Les Français ne font pas confiance aux assureurs… à juste titre ?
Partager :
Une étude de la néo-assurance Leocare met en lumière une relation client profondément déséquilibrée entre les assureurs (tous domaines confondus) et les assurés. Cette défiance est due à d’importants doutes quant à l’honnêteté de leur modèle économique. Une récente décision de l’ACPR (Autorité de contrôle prudentiel et de résolution), qui sanctionne la mutuelle Just pour des pratiques non conformes au Code de la mutualité, va dans leur sens.
Selon le sondage publié par Leocare, seuls 25 % des Français déclarent faire réellement confiance à leur assureur, tandis que les trois quarts oscillent entre doute et méfiance. Un tiers des sondés (34 %) s’attend à une application froide et mécanique du contrat et 12 % sont convaincus qu’il cherchera un motif pour ne pas les indemniser. Parmi ceux qui expriment ouvertement leur défiance (16 % du total, 25 % chez les 18-34 ans), celle-ci est essentiellement due au modèle économique, perçu comme fondé sur le non-remboursement des sinistres (28 %), des contrats jugés volontairement opaques (26 %) et des experts soupçonnés de minimiser les dégâts pour protéger l’assureur (23 %).
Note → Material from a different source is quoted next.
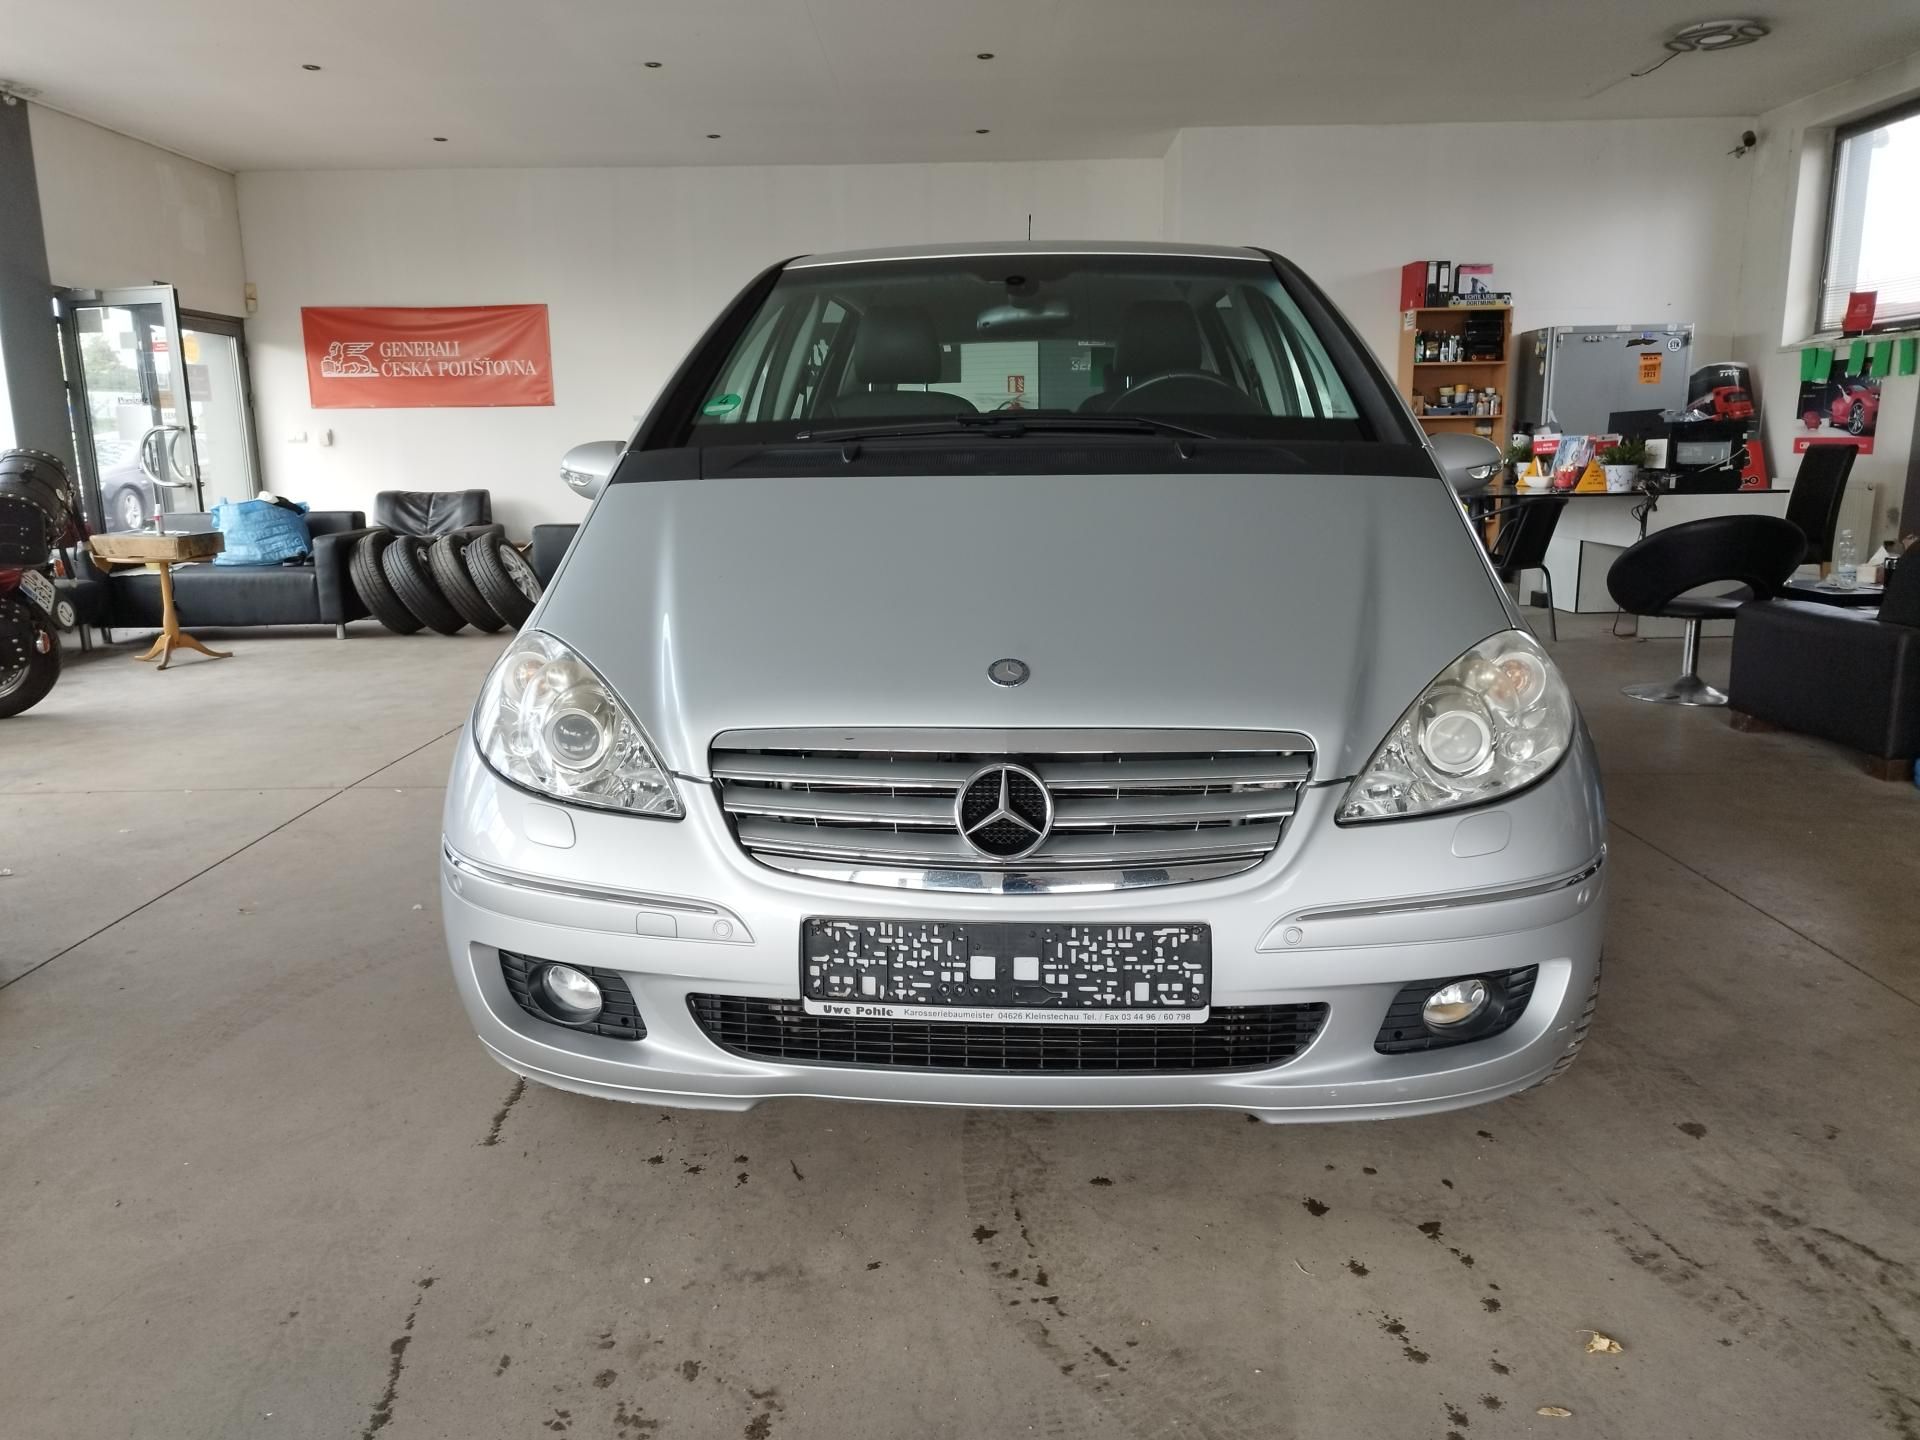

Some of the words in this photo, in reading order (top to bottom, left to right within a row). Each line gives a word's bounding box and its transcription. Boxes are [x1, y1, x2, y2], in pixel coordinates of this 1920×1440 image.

Ils ont le sentiment d’être réduit à un numéro de dossier (19 %) dans des parcours clients conçus pour décourager en cas de problème (17 %). Cette perception a des conséquences directes sur la fidélité des clients : une mauvaise expérience d’indemnisation pourrait conduire 37 % des assurés à résilier leur contrat, bien avant les questions de prix (25 %) ou de lien humain (10 %).
La mutuelle Just ne rembourse pas sans relance de l’adhérent
Cette crise de confiance trouve, aujourd’hui même, un écho concret dans l’actualité réglementaire. À la suite d’un contrôle sur place, l’Autorité de contrôle prudentiel et de résolution (ACPR) a en effet pointé des dysfonctionnements significatifs au sein de la mutuelle Just. Le régulateur a notamment relevé des défaillances dans les modalités de remboursement des frais de santé aux adhérents ayant autorisé la télétransmission, pour leurs prestations de santé avec tiers payant partiel et/ou dépassement d’honoraires. Les dossiers n’étant pas automatisés, la mutuelle Just ne les traite pas tant que l’adhérent ne s’est pas manifesté auprès d’elle pour en demander le remboursement. Dans certains cas, il se voit même opposer de manière erronée un refus de prise en charge pour demande tardive. « Faute de traitement systématique de ces flux d’informations, le dispositif de la mutuelle ne lui permet donc pas de se conformer aux dispositions de l’article L. 221-17-1 du Code de la mutualité », souligne l’ACPR, qui met Just en demeure de corriger les manquements. En parallèle, l’organisation invite les adhérents concernés à vérifier leur situation et à se rapprocher de la mutuelle si nécessaire.